Chorprojekt will Konsequenzen aus Mitgliederschwund ziehen und Männerchören wieder auf die Sprünge helfen

Winsen. „Ich sprüh’s auf jede Wand: Neue Männer braucht das Land!“ So lautete der Refrain des Songs, mit dem Ina Deter vor drei Jahrzehnten deutsche Hitlisten eroberte. Kreischorleiter Stefan Roßberg hat den provokanten Slogan geringfügig abgewandelt: „Neue Männer(Chöre) braucht das Land“ ist seine Botschaft.

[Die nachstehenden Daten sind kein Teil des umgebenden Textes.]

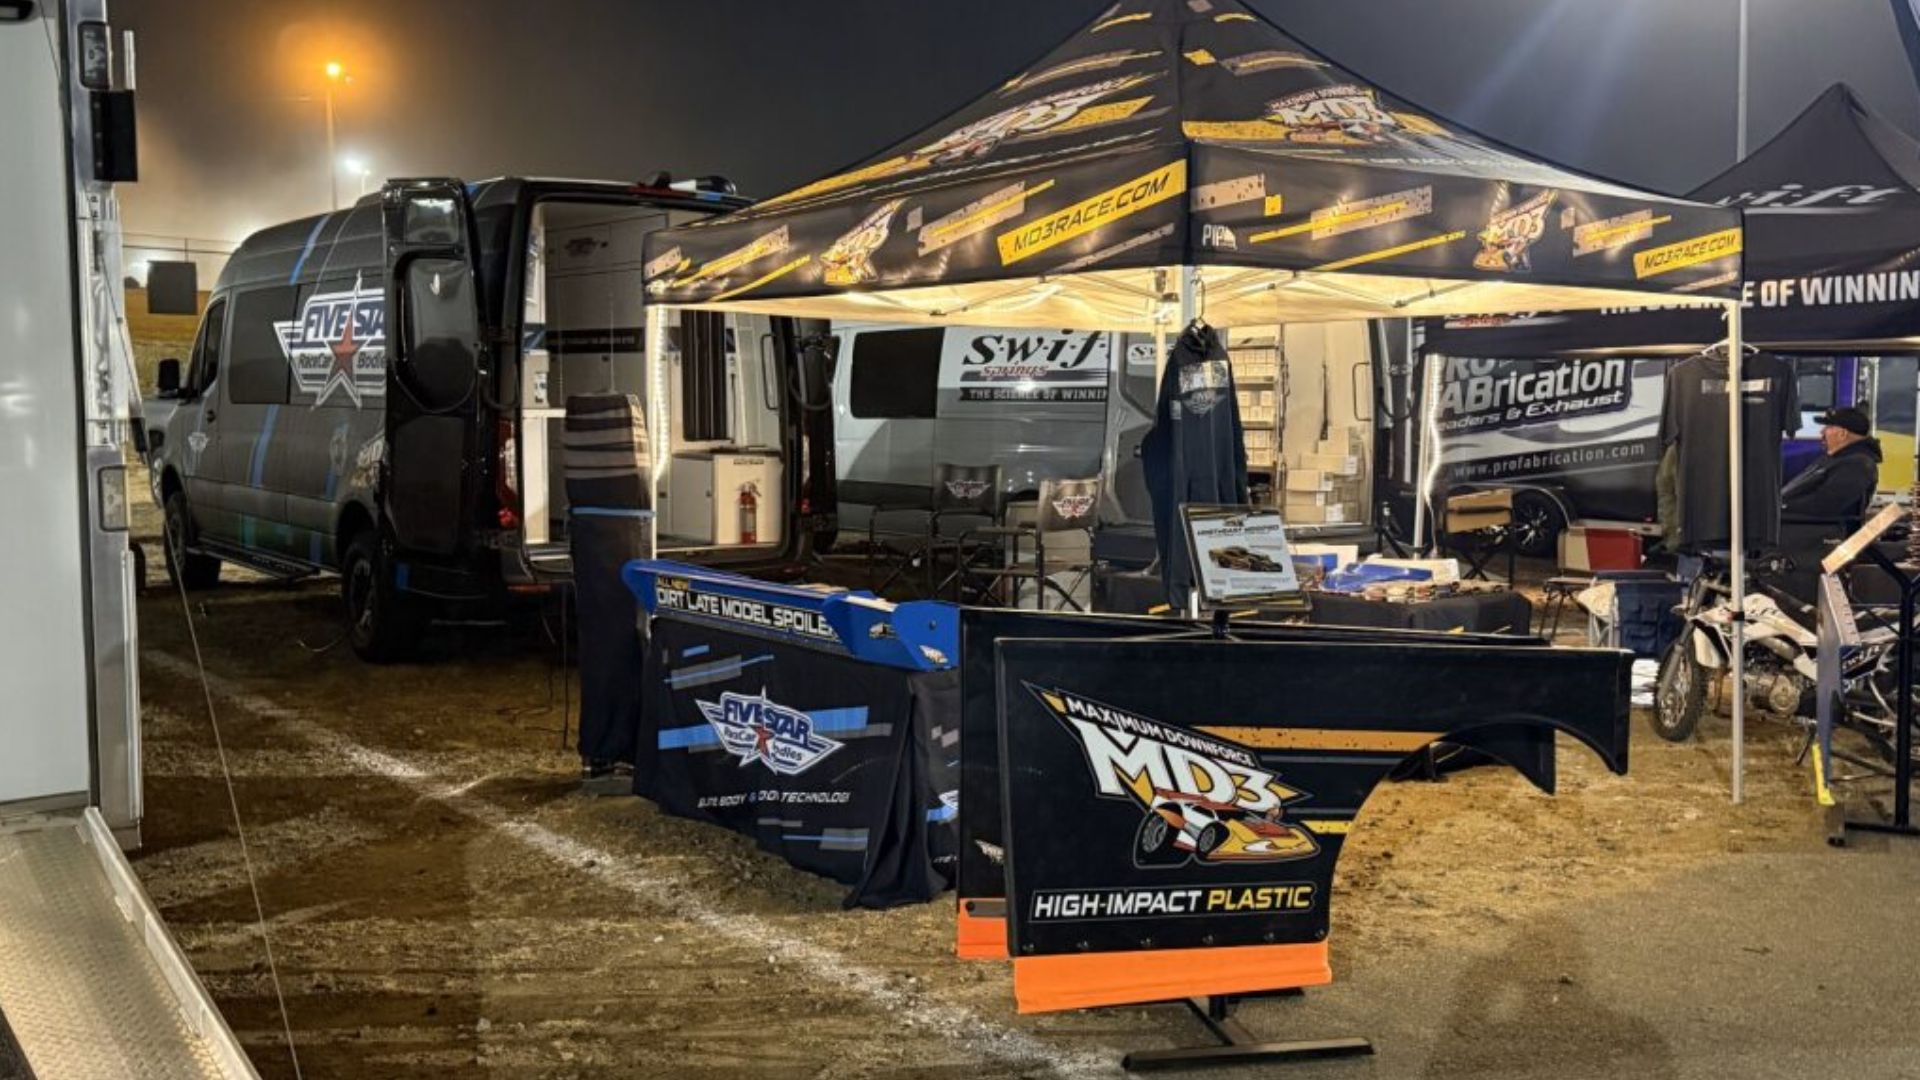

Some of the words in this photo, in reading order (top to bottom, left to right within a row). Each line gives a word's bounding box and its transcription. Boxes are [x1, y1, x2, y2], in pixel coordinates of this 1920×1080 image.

Denn der 47-Jährige sieht diese Gattung akut vom Aussterben bedroht. „Den Männerchor, wie wir ihn heute kennen, wird es in fünf bis zehn Jahren nicht mehr geben“, prophezeit er. „Die Nachwuchsdiskussion hat schon Mitte der 80er-Jahre begonnen, nur Konsequenzen sind nie gezogen worden.“

Das soll sich ändern. Im kommenden Jahr möchte der Musikwissenschaftler zeigen, dass Männerchöre und die Vielfalt der zugehörigen Literatur nach wie vor Zukunft und Daseinsberechtigung haben. Das Projekt 2014 des Kreis-Chorverbands Harburg-Winsen richtet sich deshalb ausschließlich an Männer.

Es wird Mitte Februar mit der ersten Probe in der Alten Stadtschule Winsen beginnen und am 18. und 19. Oktober an noch unbekanntem Ort mit im Wortsinn schillernden Konzertereignissen enden. Aufwendige Lichttechnik wird die musikalische Zeitreise durch die vergangenen 150 Jahre stimmungsvoll illuminieren.

Titel von den Comedian Harmonists, Leonard Cohen, Udo Jürgens, Billy Joel, Pat Ballard, den Beach Boys, den Bands „Karat“, „Ramstein“ und „Die Toten Hosen“ werden auswendig vorgetragen. Und nicht nur das: Die Herren sollen beim Singen auch noch swingen. „Ich stelle mir vor, eine Choreografin mit der Ausarbeitung einer Bühnenshow zu betrauen. Denn bei der Präsentation von Unterhaltungsmusik sollten wir nicht wie in Stein gehauen dastehen. Neben klassischer Konzertkleidung werden wir deshalb auch unterschiedliche Outfits benötigen“, erklärt Stefan Roßberg sein Konzept – eine Investition in die Zukunft.

Er mixt klassische Männerchorliteratur des 19. Jahrhunderts mit Unterhaltungsmusik der 1920er und 1930er Jahre, mit zeitgenössischer Literatur und aktueller Popmusik. So haben auch das „Ännchen von Tharau“, der „Lindenbaum“, die „Jagdlieder“ von Robert Schumann und eine zeitgenössische Bearbeitung von „Es klappert die Mühle“ Platz im Programm. Ebenso die Hymne „Jerusalem“ oder weitgehend unbekannte Shantys von Percy Grainger, „einem der verrücktesten Komponisten um 1900“, wie Stefan Roßberg sagt.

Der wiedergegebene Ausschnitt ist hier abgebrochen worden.